1961: Auf dem mondänen Campus der Universität Stanford wird der Jura-Student Li Harvei Oswold Zeuge einer Vergewaltigung. Es gelingt ihm, die Täter in die Flucht zu schlagen, das Mädchen ist ihm unendlich dankbar. Während der nächsten Monate treffen sie sich regelmäßig und der konservative Li verliebt sich in die schüchterne Anna, eine glühende Kommunistin. Während eines feuchtfröhlichen Abends unter Gesinnungsgenossen lernt Harvei Piotr kennen, einen zigarre-rauchenden jovialen Fünfzigjährigen aus dem Mutterland. Sie verstehen sich auf Anhieb. Piotr sagt Harvei eine große Zukunft voraus, er könne die Welt verändern, Harvei lacht zu Rotwein und Schnaps. An diesem Abend schläft Anna viermal mit ihm.

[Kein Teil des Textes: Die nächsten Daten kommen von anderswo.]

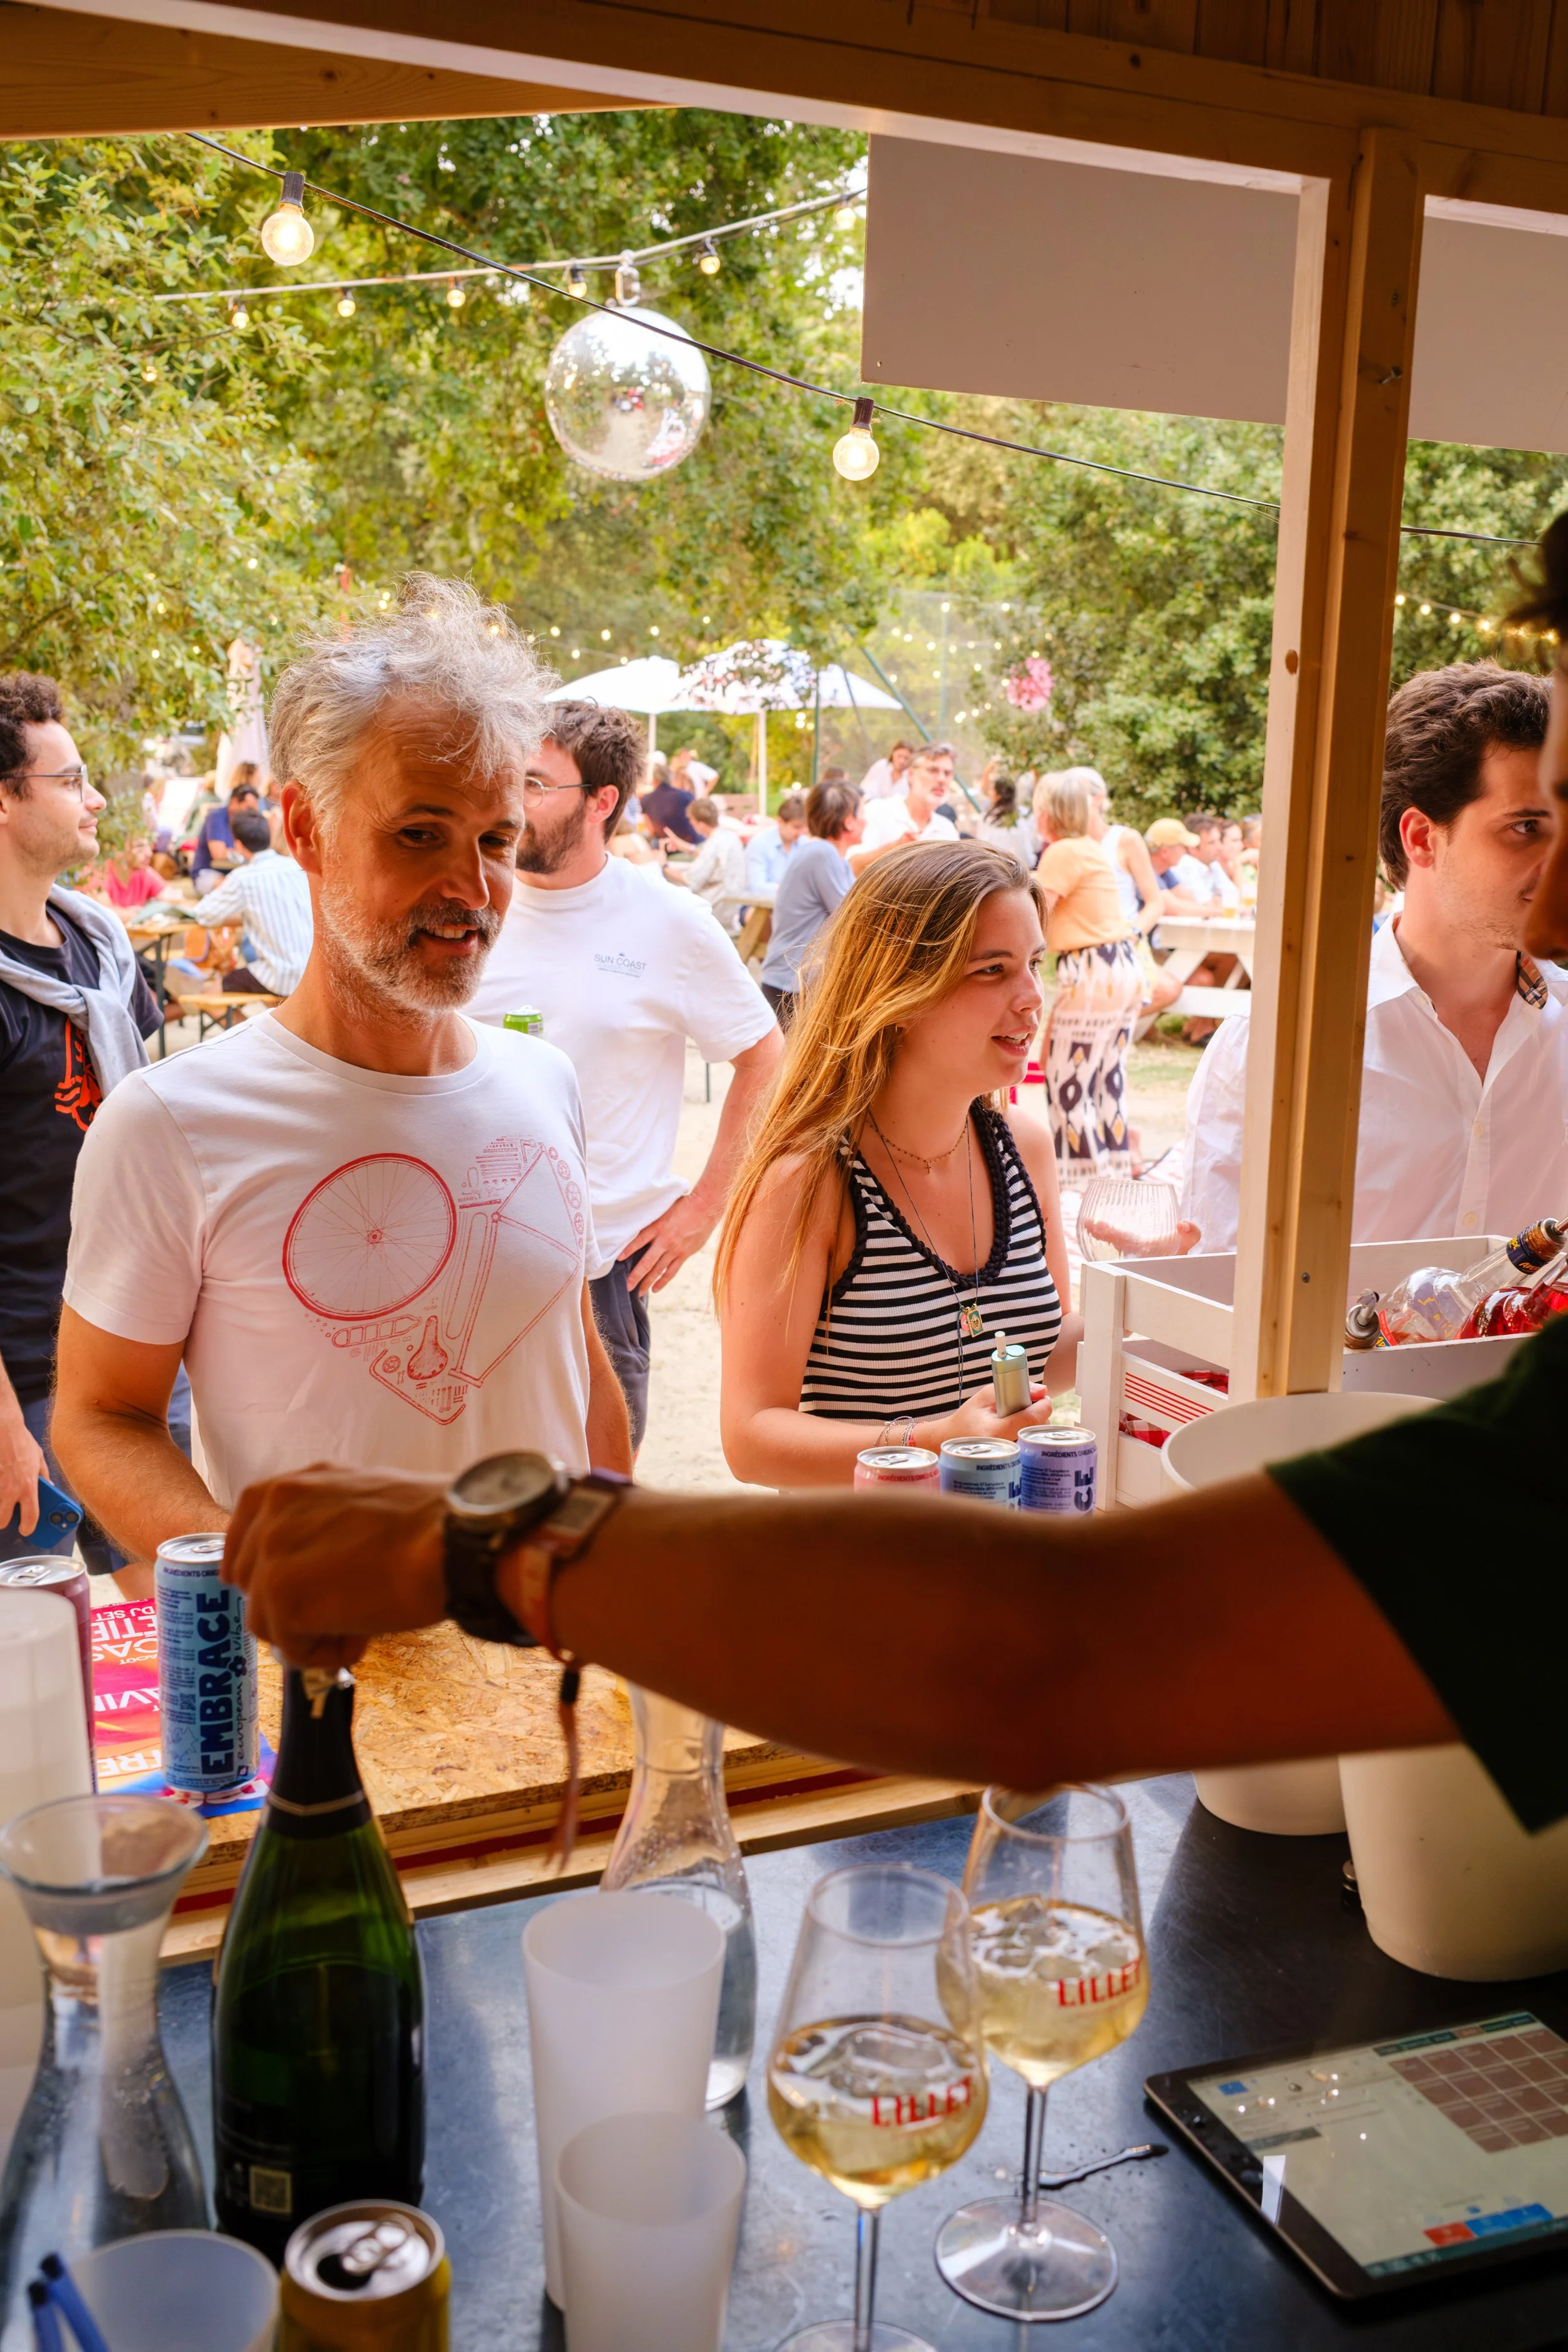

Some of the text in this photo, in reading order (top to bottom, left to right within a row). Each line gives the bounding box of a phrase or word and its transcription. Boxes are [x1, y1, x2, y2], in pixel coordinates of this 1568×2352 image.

[594, 953, 647, 970] SUN COAST
[95, 1606, 156, 1622] DJ SET
[196, 1589, 234, 1774] EMBRACE
[236, 1682, 247, 1760] european
[1058, 1957, 1140, 2006] LILLET
[871, 2074, 972, 2127] LILLET

Kann man das besser schreiben? Klar, muss man sogar. Es ist jetzt noch sehr linear (aber, verzeihung, ich konnte jetzt keinen komplexen Romanplot aus dem Hut zaubern). Trotzdem meine Begründung, warum ich es einen (einigermaßen) geeigneten Start finde:
1. Der erste Satz (der Geschmackssache ist) erzählt die Geschichte in einem Satz ohne Spannung wegzunehmen.

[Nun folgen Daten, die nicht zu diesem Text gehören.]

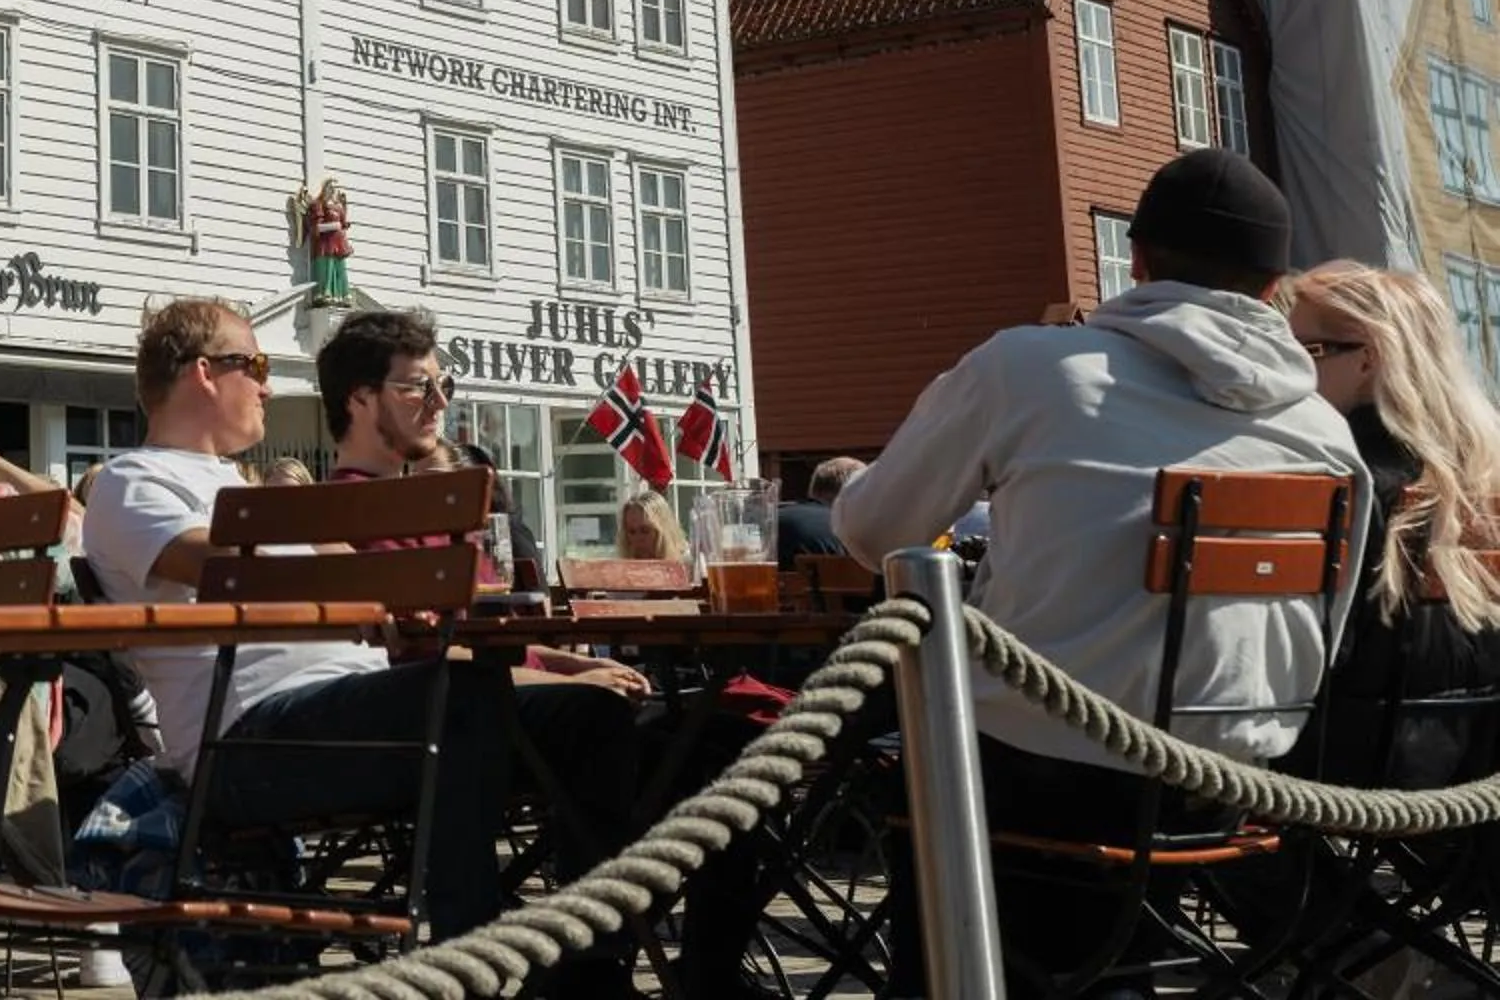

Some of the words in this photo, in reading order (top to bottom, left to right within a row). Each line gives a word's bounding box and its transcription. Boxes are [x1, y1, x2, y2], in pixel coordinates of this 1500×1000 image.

[351, 36, 486, 91] NETWORK
[491, 67, 648, 122] CHARTERING
[653, 101, 697, 133] INT.
[450, 336, 576, 387] SILVER
[594, 352, 732, 400] GLLERY

2. "mondäner Campus" erzeugt ein Bild im Kopf von grünen Rasenflächen, lachenden Studenten und herrschaftlichen Gebäuden.

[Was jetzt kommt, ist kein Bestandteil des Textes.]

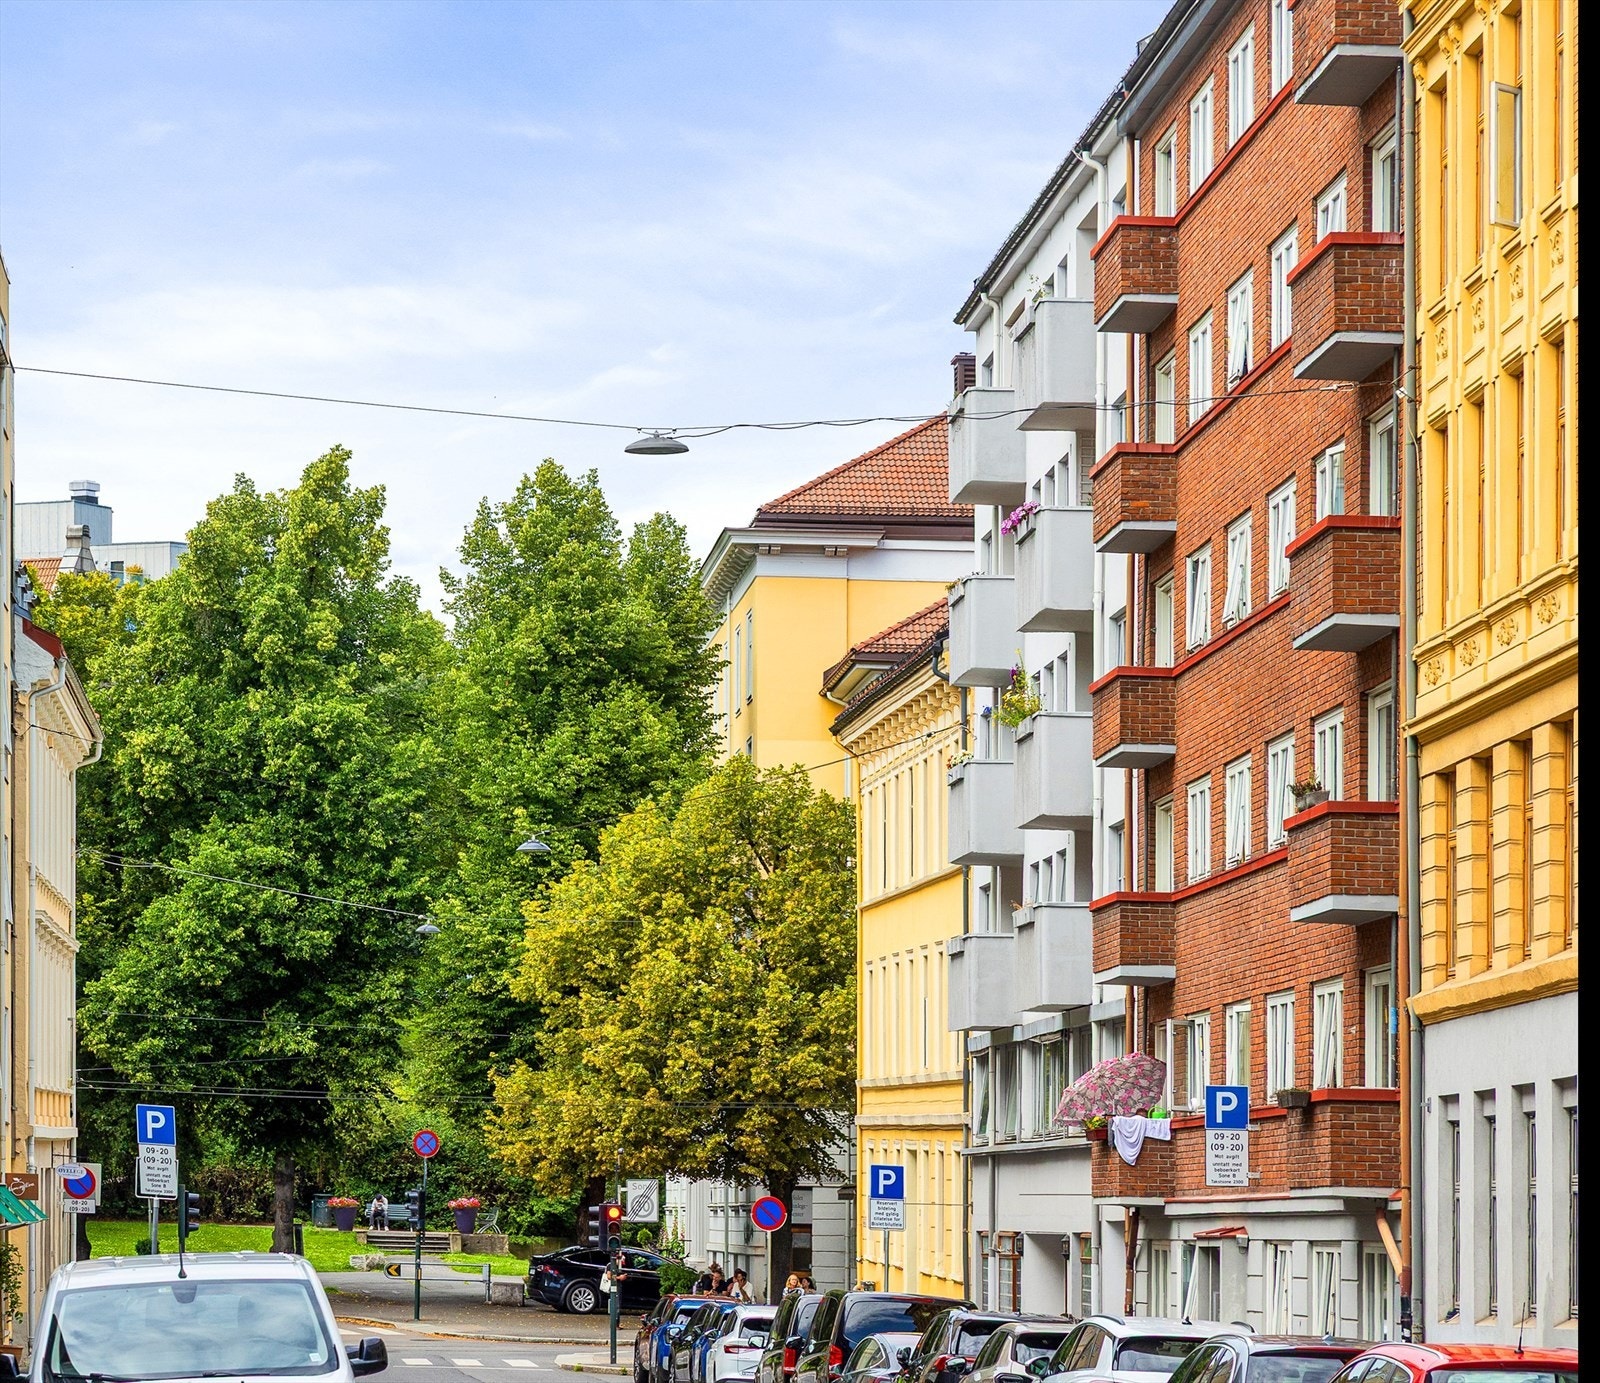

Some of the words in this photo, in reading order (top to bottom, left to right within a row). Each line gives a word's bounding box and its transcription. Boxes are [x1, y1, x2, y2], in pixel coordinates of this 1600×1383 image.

[1216, 1092, 1238, 1123] P
[146, 1110, 166, 1139] P
[879, 1169, 896, 1194] P

3. Es werden mehrere Fragen aufgeworfen: Was hat die Vergewaltigung mit dem Mord zu tun? Wie kann er mehrere Täter in die Flucht schlagen? Der Leser beginnt zu ahnen, dass es ein abgekartetes Spiel ist (letzter Satz).
4. Man kann (wenn man will) beginnen die Psychologie nachzuvollziehen: "lacht zu Rotwein und Schnaps" = Arglosigkeit/Scherz, "schläft sie viermal mit ihm" = Liebe
Aus meiner Sicht erzeugt er (und das ist die Haupt-Schwierigkeit beim Exposé) mit wenigen Worten eine recht komplexe Welt. Er wird ja von Profis gelesen (Lektoren), und die sehen so etwas (Szenen, Konflikte, Motivationen) mit sehr geübtem Blick.
Was meint ihr?
einen schönen abend zusammen,
c.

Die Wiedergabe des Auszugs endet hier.